Exercise:
The line containing "this 1344×1512 image." marks where to begin. Write out that line and every line after it exactly, through the last line below.

Exercise data:
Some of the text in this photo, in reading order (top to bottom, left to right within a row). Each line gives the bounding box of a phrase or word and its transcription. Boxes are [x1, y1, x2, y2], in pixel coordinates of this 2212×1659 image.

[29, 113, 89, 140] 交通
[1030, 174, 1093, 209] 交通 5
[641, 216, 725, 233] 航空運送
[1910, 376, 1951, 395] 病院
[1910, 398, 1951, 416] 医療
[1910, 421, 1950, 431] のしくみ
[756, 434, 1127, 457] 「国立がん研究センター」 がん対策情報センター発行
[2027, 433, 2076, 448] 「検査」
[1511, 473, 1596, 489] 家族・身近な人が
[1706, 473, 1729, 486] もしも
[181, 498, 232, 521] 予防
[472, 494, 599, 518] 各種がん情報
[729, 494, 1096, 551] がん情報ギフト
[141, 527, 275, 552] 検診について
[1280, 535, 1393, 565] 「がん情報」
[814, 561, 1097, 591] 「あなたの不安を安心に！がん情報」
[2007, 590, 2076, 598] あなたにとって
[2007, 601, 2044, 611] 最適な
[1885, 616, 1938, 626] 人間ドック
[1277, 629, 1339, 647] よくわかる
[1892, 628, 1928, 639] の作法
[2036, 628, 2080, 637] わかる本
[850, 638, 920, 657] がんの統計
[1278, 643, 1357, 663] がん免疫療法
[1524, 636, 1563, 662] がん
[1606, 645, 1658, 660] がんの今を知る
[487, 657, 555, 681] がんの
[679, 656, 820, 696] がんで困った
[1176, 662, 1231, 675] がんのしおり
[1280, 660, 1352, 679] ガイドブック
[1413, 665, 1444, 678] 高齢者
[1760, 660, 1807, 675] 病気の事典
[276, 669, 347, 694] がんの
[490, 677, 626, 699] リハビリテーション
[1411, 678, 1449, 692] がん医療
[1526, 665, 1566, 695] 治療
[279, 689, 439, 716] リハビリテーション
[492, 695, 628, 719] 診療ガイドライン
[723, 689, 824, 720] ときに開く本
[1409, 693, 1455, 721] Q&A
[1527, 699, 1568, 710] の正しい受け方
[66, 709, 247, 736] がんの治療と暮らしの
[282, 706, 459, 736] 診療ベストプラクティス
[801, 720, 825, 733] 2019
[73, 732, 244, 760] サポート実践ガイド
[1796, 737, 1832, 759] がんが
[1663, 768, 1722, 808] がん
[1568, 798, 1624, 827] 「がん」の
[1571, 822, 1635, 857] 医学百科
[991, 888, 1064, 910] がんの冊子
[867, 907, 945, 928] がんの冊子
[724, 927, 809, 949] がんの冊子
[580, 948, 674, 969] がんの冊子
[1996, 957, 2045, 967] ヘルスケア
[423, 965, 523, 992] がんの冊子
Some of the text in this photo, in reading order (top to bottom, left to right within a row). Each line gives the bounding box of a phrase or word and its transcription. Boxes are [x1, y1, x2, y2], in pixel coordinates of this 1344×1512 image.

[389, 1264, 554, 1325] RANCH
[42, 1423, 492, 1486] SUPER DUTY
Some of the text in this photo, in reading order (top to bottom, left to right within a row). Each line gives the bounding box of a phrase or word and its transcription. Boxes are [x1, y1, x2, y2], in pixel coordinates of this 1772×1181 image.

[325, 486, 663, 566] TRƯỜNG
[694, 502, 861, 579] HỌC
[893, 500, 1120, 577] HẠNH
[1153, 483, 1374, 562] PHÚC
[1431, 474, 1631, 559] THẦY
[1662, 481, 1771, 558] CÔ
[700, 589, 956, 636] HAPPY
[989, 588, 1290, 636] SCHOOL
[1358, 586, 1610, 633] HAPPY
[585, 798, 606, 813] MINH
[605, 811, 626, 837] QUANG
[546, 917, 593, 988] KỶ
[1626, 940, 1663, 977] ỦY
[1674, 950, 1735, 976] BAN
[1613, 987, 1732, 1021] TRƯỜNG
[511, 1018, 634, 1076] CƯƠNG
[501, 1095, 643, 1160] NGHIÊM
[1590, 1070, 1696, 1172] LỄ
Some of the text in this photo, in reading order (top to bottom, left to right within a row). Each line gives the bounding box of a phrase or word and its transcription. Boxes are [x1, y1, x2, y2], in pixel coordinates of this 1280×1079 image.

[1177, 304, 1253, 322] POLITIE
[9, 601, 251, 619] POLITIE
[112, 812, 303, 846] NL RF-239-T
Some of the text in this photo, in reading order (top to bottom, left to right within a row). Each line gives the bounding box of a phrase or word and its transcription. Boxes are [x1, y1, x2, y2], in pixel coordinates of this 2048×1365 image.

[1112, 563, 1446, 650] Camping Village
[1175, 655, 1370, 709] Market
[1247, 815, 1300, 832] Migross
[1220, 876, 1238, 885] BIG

Solution:
Some of the text in this photo, in reading order (top to bottom, left to right within a row). Each line gives the bounding box of a phrase or word and its transcription. Boxes are [x1, y1, x2, y2], in pixel coordinates of this 1344×1512 image.

[389, 1264, 554, 1325] RANCH
[42, 1423, 492, 1486] SUPER DUTY
Some of the text in this photo, in reading order (top to bottom, left to right within a row). Each line gives the bounding box of a phrase or word and its transcription. Boxes are [x1, y1, x2, y2], in pixel coordinates of this 1772×1181 image.

[325, 486, 663, 566] TRƯỜNG
[694, 502, 861, 579] HỌC
[893, 500, 1120, 577] HẠNH
[1153, 483, 1374, 562] PHÚC
[1431, 474, 1631, 559] THẦY
[1662, 481, 1771, 558] CÔ
[700, 589, 956, 636] HAPPY
[989, 588, 1290, 636] SCHOOL
[1358, 586, 1610, 633] HAPPY
[585, 798, 606, 813] MINH
[605, 811, 626, 837] QUANG
[546, 917, 593, 988] KỶ
[1626, 940, 1663, 977] ỦY
[1674, 950, 1735, 976] BAN
[1613, 987, 1732, 1021] TRƯỜNG
[511, 1018, 634, 1076] CƯƠNG
[501, 1095, 643, 1160] NGHIÊM
[1590, 1070, 1696, 1172] LỄ
Some of the text in this photo, in reading order (top to bottom, left to right within a row). Each line gives the bounding box of a phrase or word and its transcription. Boxes are [x1, y1, x2, y2], in pixel coordinates of this 1280×1079 image.

[1177, 304, 1253, 322] POLITIE
[9, 601, 251, 619] POLITIE
[112, 812, 303, 846] NL RF-239-T
Some of the text in this photo, in reading order (top to bottom, left to right within a row). Each line gives the bounding box of a phrase or word and its transcription. Boxes are [x1, y1, x2, y2], in pixel coordinates of this 2048×1365 image.

[1112, 563, 1446, 650] Camping Village
[1175, 655, 1370, 709] Market
[1247, 815, 1300, 832] Migross
[1220, 876, 1238, 885] BIG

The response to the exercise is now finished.